FRA Certification Helpline: (216) 694-0240

(The Associated Press circulated the following article on January 31.)

SIOUX FALLS, S.D. — A Federal Railroad Administration ruling announced Wednesday triggered a 90-day period during which the agency must approve or reject a requested $2.3 billion loan for the Dakota, Minnesota and Eastern Railroad’s planned coal train project.

“The final decision will be made after thorough consideration of an extensive and independent evaluation of the railroad, the proposed project and the … loan application,” the agency said in a release.

The FRA said it has determined the DM&E’s project has met the requirements of the federal environmental review process. The release of the agency’s final environmental review starts the time frame for the loan decision, according to the release.

The proposal has drawn heavy opposition in Rochester, Minn., home of the Mayo Clinic.

The DM&E wants to add track to the Powder River Basin coal fields in Wyoming and upgrade its existing line in South Dakota and Minnesota. The $6 billion project would involve building about 280 miles of new track and upgrading 600 miles of existing track so trains could haul coal for power plants.

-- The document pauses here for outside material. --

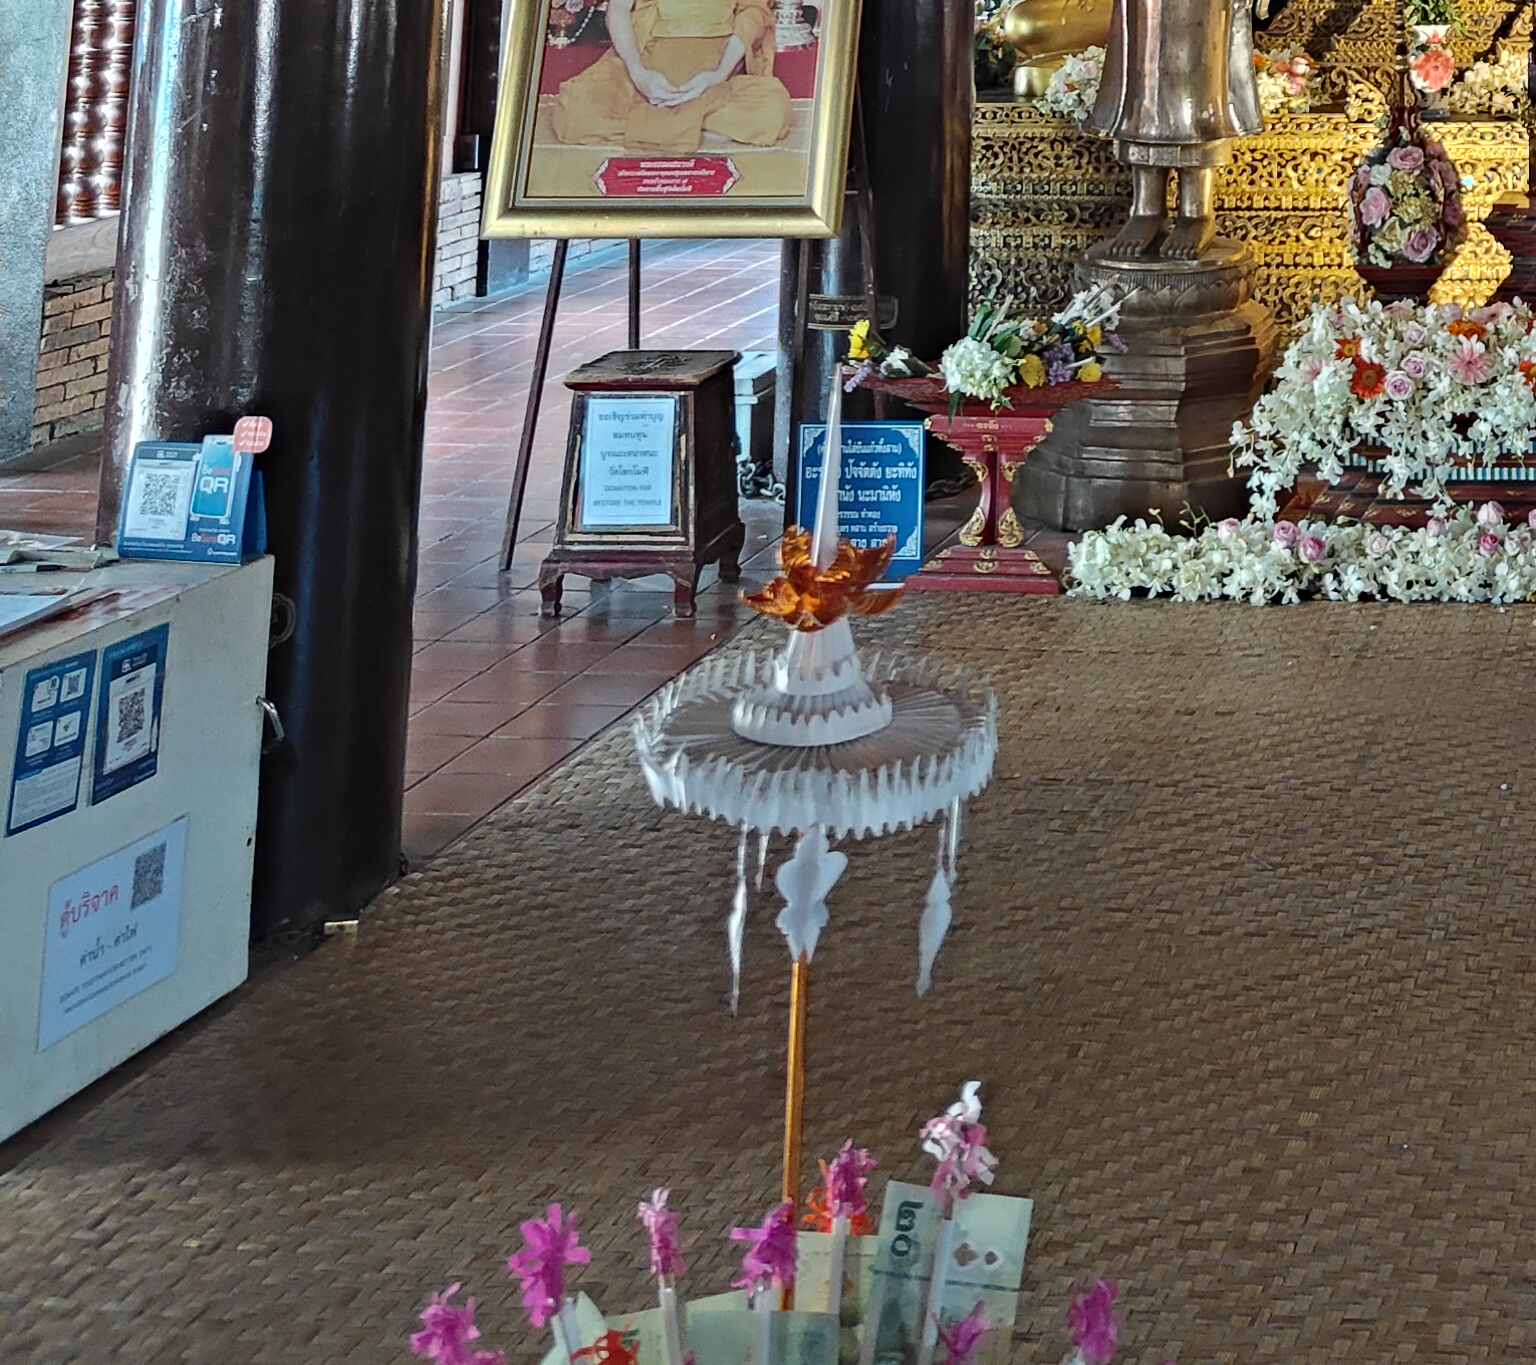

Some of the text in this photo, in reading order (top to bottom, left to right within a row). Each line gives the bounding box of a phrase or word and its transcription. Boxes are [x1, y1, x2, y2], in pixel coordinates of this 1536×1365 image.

[200, 476, 229, 495] QR
[59, 883, 120, 939] ตู้บริจาค

The agency said that if the loan is approved, it will require the Sioux Falls-based railroad to make additional safety improvements at 10 highway-grade rail crossings in South Dakota and Minnesota and require that locomotives used west of Huron meet or exceed federal emission standards to reduce air pollution in national park areas.

The agency considered nearly 2,500 public comments before reaching its conclusion, according to the release.

The Rochester Coalition said the ruling was not a surprise.

“We disagree with the FRA’s environmental ruling, but it was not unexpected,” spokesman Chris Gade said in a separate statement. “The FRA’s reliance on an incomplete and inadequate environmental review casts a cloud of doubt over the ruling.”

The federal loan “can and should be stopped,” Gade said.

The Mayo Clinic, Olmsted County, the city of Rochester and the Rochester Chamber of Commerce make up the Rochester Coalition, which wants the DM&E to bypass Rochester because of the impact of the increased train traffic on the city and Mayo.

Minnesota leaders reaffirmed their support for Rochester on Wednesday night.

“As the Department of Transportation approaches a final decision on this loan, it must confront very serious questions about the loan application, and it must make sure that dozens of high-speed freight trains do not run right through the heart of Rochester and the Mayo Clinic,” Democratic Sen. Amy Klobuchar, D-Minn., said in another statement.

GOP Gov. Tim Pawlenty said in his own statement that the loan should not be approved “until the concerns of the community can be addressed.

Republican Sen. Norm Coleman said he still hopes a “win-win solution” can be reached as the Transportation Department tries to broker a solution between the city and the railroad, but in the meantime he will move forward on a legislative strategy to protect Rochester.

“I still have hope that a mitigation plan can be agreed upon, and I will remain engaged in those negotiations, but as I have said all along, I will work to stop the project if the concerns of Rochester are not addressed,” Coleman said in a statement.

Rep. Tim Walz, a Democrat who represents southern Minnesota including the Rochester area, issued a statement saying he’ll work to ensure that the officials reviewing the loan package adequately address concerns about safety, transparency and accountability.

“This loan is the largest taxpayer-funded loan to a private company in American history and is deserving of an appropriately large amount of input from the taxpayers and oversight from the Congress,” he said.